## THE TASK
Exact copy, no pictures: return only the lines below from the line with "this 1500×1533 image." up to and including the line with "this 1650×1100 image.".

═════ GIVEN DATA

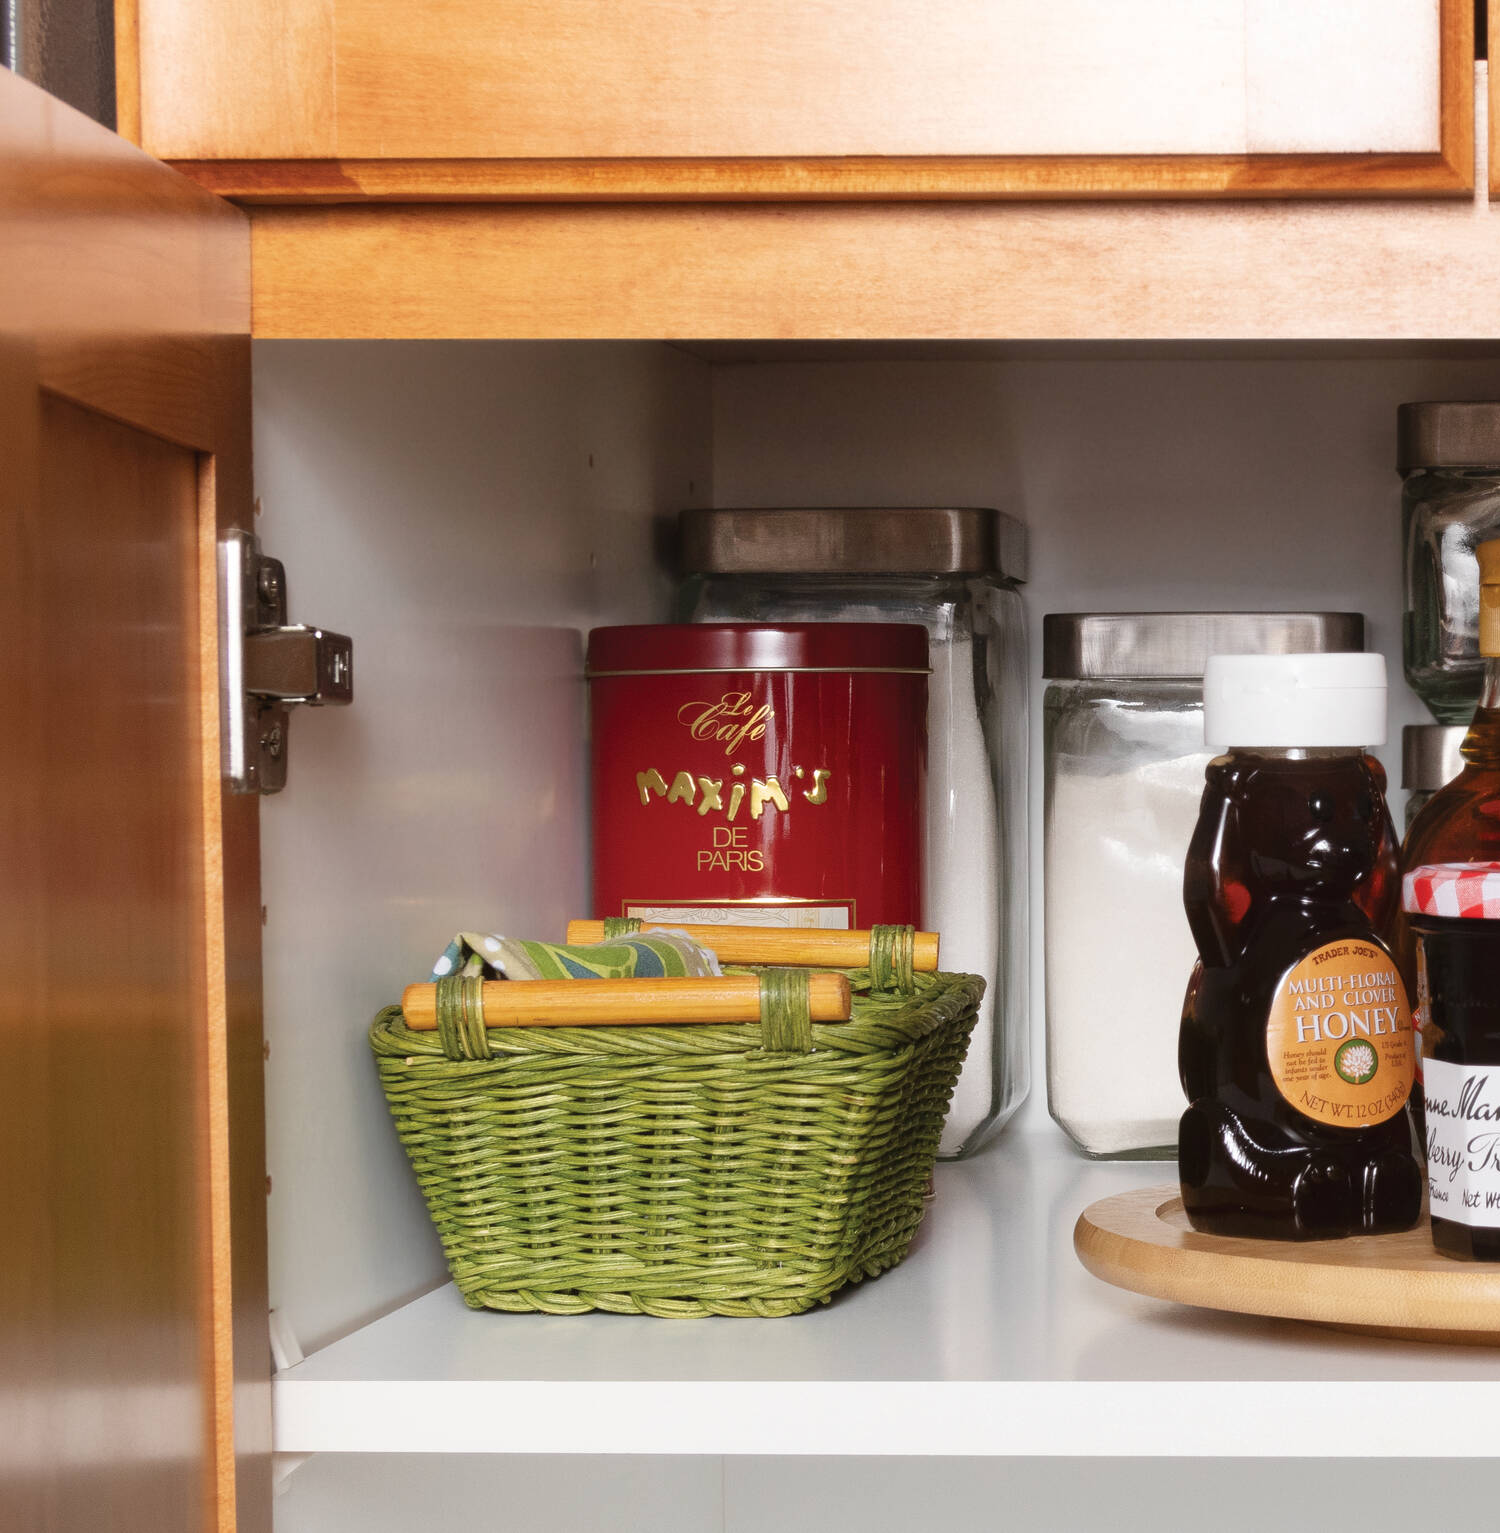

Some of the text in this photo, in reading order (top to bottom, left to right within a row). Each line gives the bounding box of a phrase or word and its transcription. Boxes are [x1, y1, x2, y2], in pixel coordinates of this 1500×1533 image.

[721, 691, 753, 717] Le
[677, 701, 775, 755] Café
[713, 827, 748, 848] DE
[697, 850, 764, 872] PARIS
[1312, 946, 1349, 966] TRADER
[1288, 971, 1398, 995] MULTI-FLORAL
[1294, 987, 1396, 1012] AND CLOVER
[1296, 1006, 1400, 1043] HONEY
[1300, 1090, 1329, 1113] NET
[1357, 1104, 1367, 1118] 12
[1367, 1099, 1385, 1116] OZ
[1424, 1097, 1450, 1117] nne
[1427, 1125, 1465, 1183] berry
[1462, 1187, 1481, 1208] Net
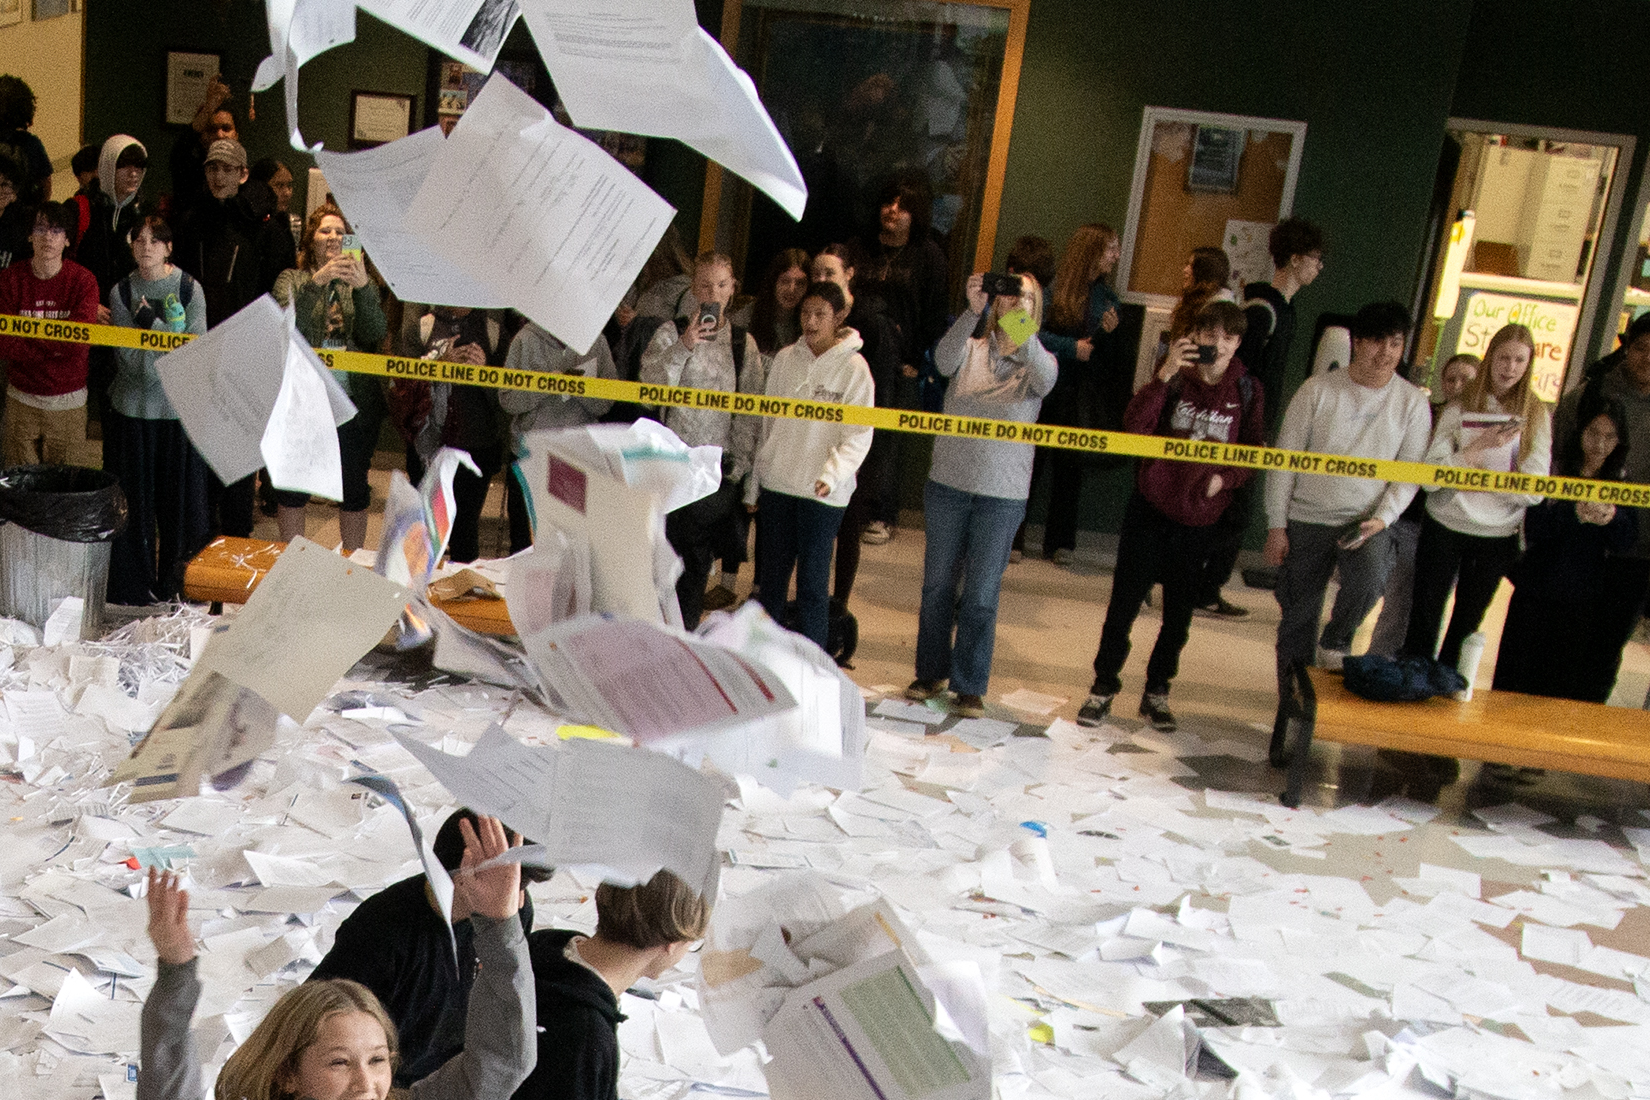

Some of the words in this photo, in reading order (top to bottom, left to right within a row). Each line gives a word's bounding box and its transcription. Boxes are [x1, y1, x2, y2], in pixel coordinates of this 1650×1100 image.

══════════
═════ GIVEN DATA

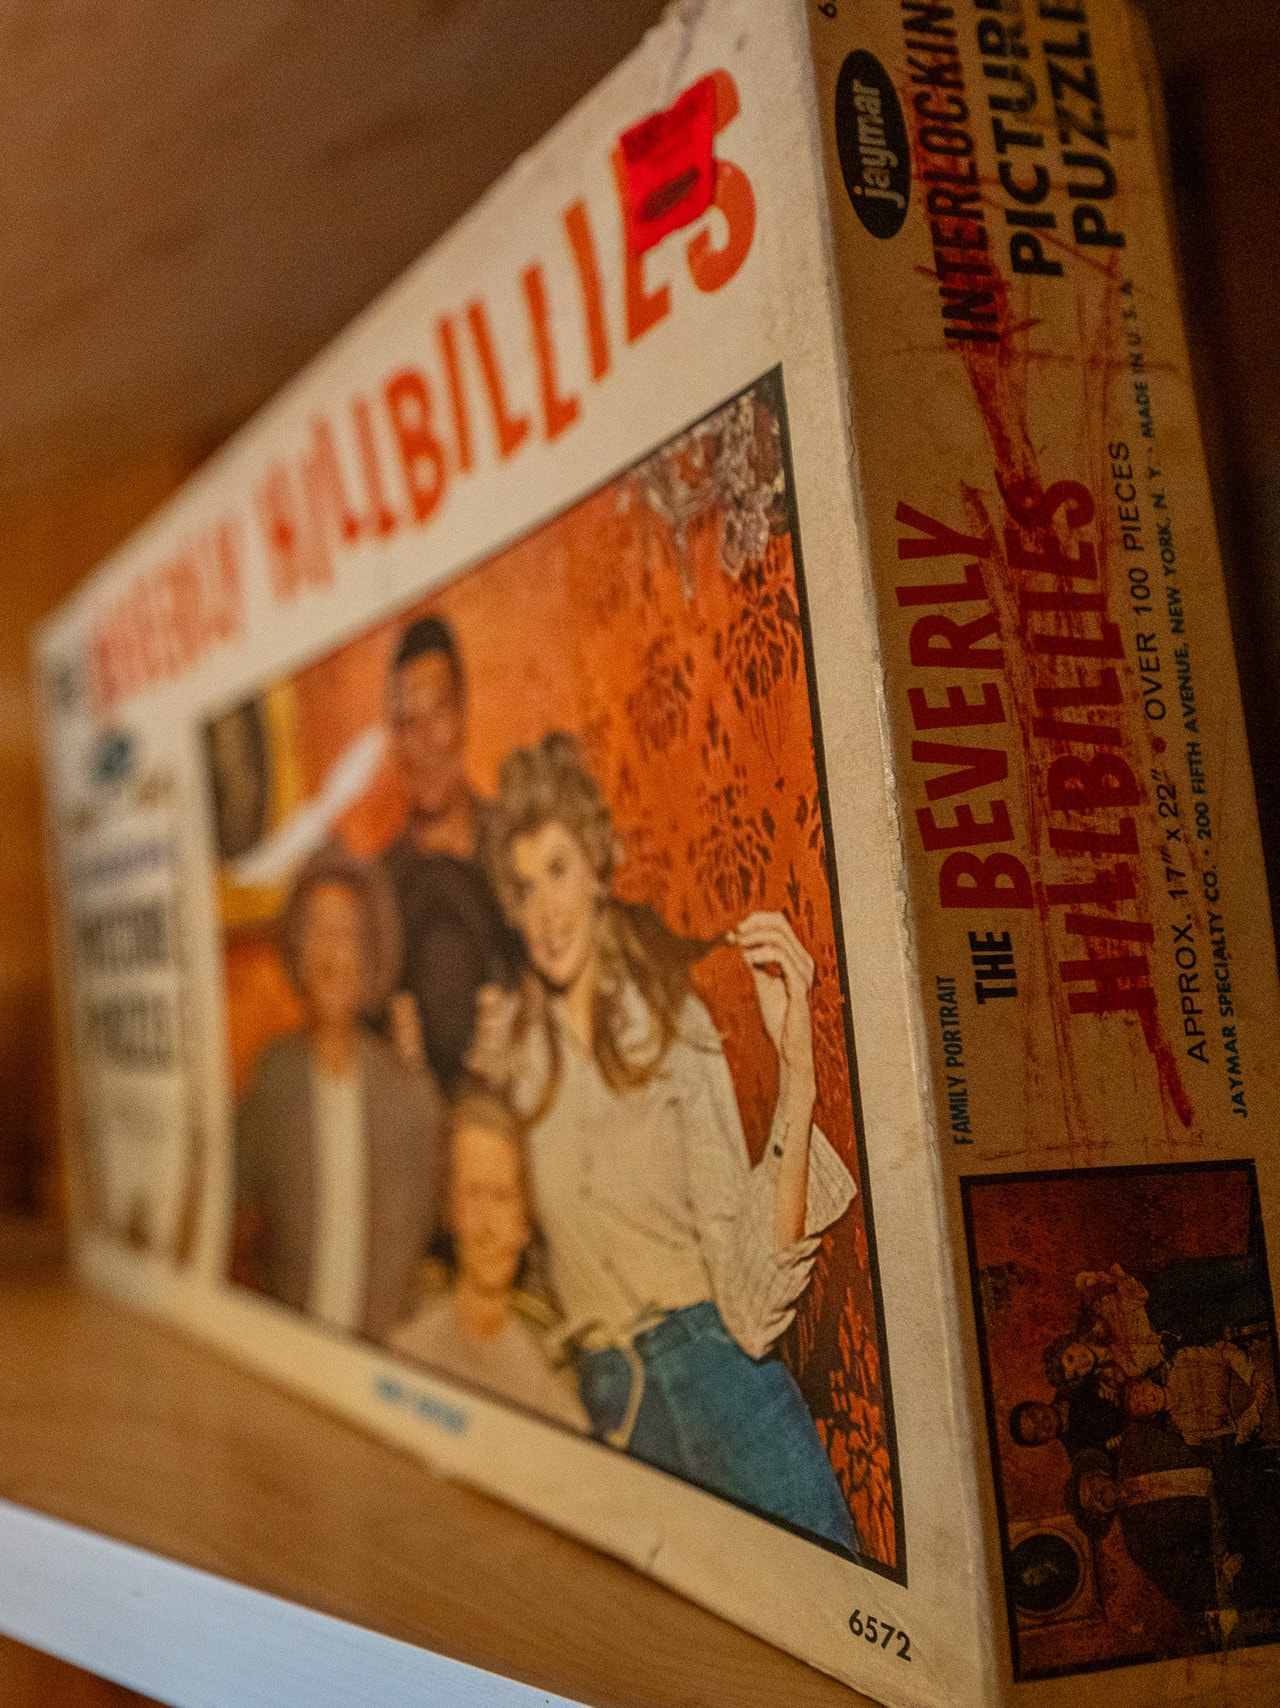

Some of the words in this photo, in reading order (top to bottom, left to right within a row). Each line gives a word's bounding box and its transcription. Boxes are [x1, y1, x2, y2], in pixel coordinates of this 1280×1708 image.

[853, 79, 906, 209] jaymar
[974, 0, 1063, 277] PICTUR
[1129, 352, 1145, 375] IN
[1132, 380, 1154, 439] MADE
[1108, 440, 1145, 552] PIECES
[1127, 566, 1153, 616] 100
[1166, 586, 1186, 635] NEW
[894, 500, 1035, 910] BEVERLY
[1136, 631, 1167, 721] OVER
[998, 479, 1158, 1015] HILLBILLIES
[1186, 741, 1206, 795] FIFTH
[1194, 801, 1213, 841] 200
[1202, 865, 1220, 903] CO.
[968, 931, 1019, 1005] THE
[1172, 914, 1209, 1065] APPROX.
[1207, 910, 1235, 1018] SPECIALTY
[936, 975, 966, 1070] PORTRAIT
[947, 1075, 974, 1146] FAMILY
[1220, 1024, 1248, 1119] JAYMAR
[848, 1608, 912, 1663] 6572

══════════
═════ GIVEN DATA

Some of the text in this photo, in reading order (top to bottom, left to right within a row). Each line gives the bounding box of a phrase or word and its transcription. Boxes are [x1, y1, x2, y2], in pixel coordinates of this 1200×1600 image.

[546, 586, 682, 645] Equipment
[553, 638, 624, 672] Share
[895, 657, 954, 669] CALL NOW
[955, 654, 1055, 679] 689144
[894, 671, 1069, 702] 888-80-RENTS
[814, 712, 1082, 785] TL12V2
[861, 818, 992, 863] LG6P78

══════════

## RESULT FOR THIS TASK
Some of the text in this photo, in reading order (top to bottom, left to right within a row). Each line gives the bounding box of a phrase or word and its transcription. Boxes are [x1, y1, x2, y2], in pixel coordinates of this 1500×1533 image.

[721, 691, 753, 717] Le
[677, 701, 775, 755] Café
[713, 827, 748, 848] DE
[697, 850, 764, 872] PARIS
[1312, 946, 1349, 966] TRADER
[1288, 971, 1398, 995] MULTI-FLORAL
[1294, 987, 1396, 1012] AND CLOVER
[1296, 1006, 1400, 1043] HONEY
[1300, 1090, 1329, 1113] NET
[1357, 1104, 1367, 1118] 12
[1367, 1099, 1385, 1116] OZ
[1424, 1097, 1450, 1117] nne
[1427, 1125, 1465, 1183] berry
[1462, 1187, 1481, 1208] Net

Some of the words in this photo, in reading order (top to bottom, left to right within a row). Each line gives a word's bounding box and its transcription. Boxes are [x1, y1, x2, y2], in pixel coordinates of this 1650×1100 image.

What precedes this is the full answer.